Guide to the sample web scrapers
Web-watch-keywords
This sample scans websites periodically for keyword occurrences. The user specifies :
- the URLs to watch
- the keywords to watch for
- the timer start time
- the timer interval
This sample outputs a web page (HTML file). It can be modified to produce other file formats or database updates.
Installs with DTBuild.
Web-extract-number
This sample is configured to scrape stock quotes, but can be modified (easily) to scrape labeled numbers from other web pages by changing the Label and the input URL list.
Installs with DTBuild.
Web-extract-title-header
Extracts two items from each web page in the input URL list :
- the content of the web page's <title> tag
- the content of the first header tag as defined in the HeaderTag string set
The "rules" in the HeaderTag list determine which headers are extracted. These rules work well for the news headlines sites specified in the sample input URL list, but will probably require modification for other sites.
Installs with DTBuild.
Census-01
U.S. Census Bureau table scraper: state populations + areas
Extracts selected fields from a single table on the U.S. Census Bureau website and puts the extracted data in a database.
To run this sample :
- download and install DTBuild, if you haven't already
- download and install the Census-01 sample
- open the Census-01 sample (MS Access will start)
- press the Grab button
- wait for the scan to complete
- press the Output button to view the results
See the HTML table parser example for more information.

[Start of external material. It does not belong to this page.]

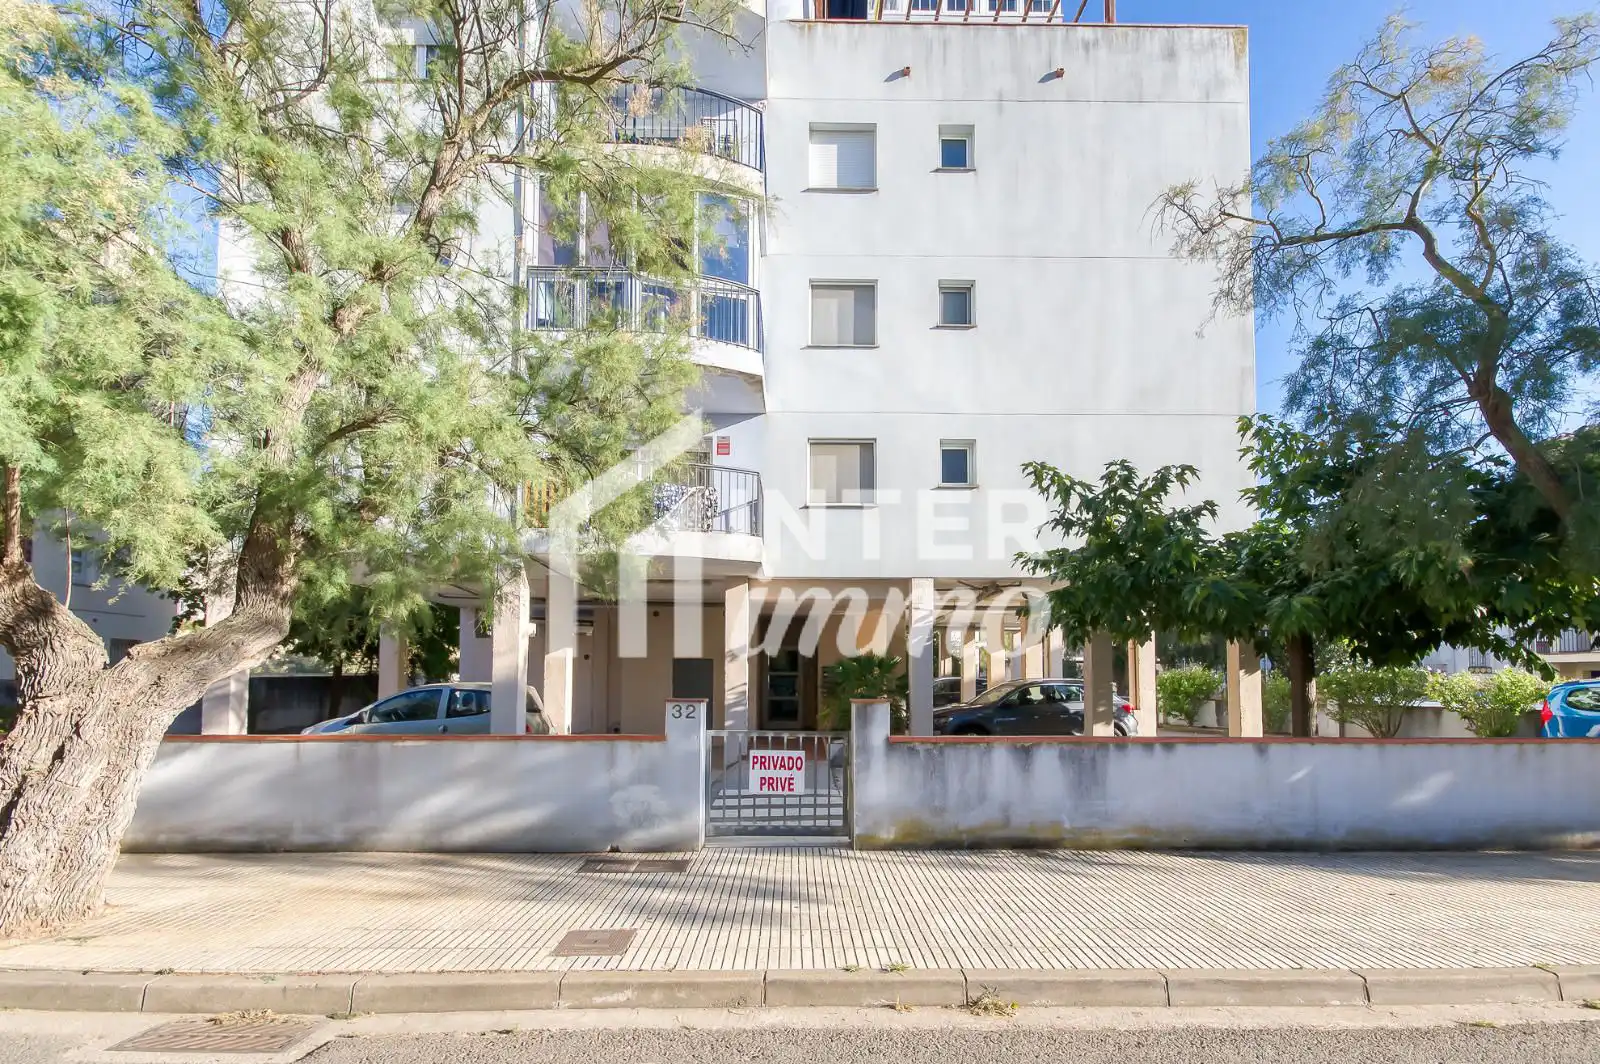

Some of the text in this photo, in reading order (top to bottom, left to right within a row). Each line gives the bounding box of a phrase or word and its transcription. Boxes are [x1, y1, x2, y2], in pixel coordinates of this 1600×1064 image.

Installs separately. Requires MS Access 2000 or later.
Census-02
U.S. Census Bureau table scraper: zip code data
Extracts selected fields from multiple zip code tables on the U.S. Census Bureau website. Just specify the zip codes you're interested in and press the Grab button.
To run this sample :
- download and install DTBuild, if you haven't already
- download and install the Census-02 sample
- open the Census-02 sample (MS Access will start)
- press the Zip Codes button and enter the zip codes
- press the Grab button
- wait for the scan to complete
- press the Output button to view the results
This sample demonstrates the use of SQL to convert the user-entered zip codes into a source URL table which is scanned to produce the desired output.
Installs separately. Requires MS Access 2000 or later.